[Your task] A verbatim copy of the full data, with no pictures, is the expected answer.

[Working data]

- - -

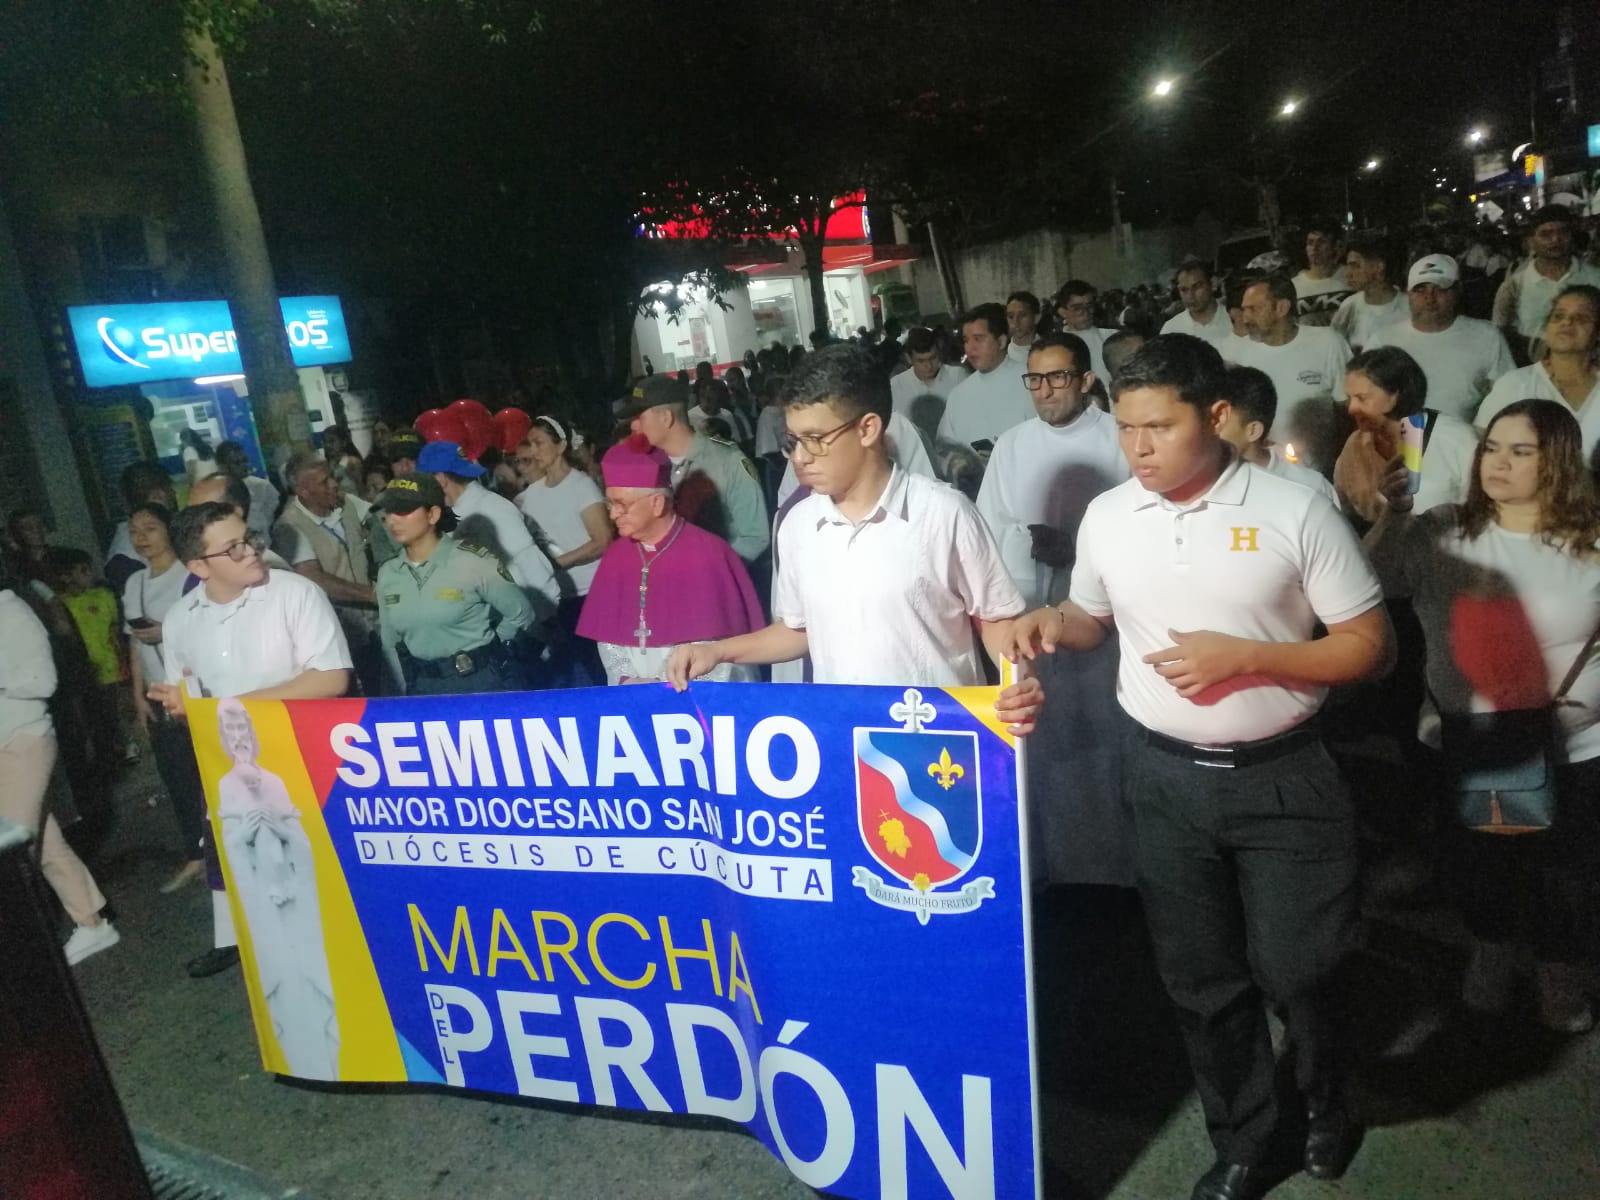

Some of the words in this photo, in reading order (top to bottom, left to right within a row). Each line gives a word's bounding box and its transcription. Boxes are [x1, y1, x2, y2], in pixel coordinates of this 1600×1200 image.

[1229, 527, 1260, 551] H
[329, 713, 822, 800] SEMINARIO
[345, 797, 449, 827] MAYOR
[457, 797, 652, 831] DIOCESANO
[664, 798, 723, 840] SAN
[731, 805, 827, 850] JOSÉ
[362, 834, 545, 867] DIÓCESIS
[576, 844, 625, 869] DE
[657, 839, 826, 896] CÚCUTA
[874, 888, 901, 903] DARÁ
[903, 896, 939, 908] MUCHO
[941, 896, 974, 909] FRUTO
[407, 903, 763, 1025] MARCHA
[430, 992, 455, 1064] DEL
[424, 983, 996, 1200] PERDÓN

- - -

[Your response]
Some of the words in this photo, in reading order (top to bottom, left to right within a row). Each line gives a word's bounding box and its transcription. Boxes are [x1, y1, x2, y2], in pixel coordinates of this 1600×1200 image.

[1229, 527, 1260, 551] H
[329, 713, 822, 800] SEMINARIO
[345, 797, 449, 827] MAYOR
[457, 797, 652, 831] DIOCESANO
[664, 798, 723, 840] SAN
[731, 805, 827, 850] JOSÉ
[362, 834, 545, 867] DIÓCESIS
[576, 844, 625, 869] DE
[657, 839, 826, 896] CÚCUTA
[874, 888, 901, 903] DARÁ
[903, 896, 939, 908] MUCHO
[941, 896, 974, 909] FRUTO
[407, 903, 763, 1025] MARCHA
[430, 992, 455, 1064] DEL
[424, 983, 996, 1200] PERDÓN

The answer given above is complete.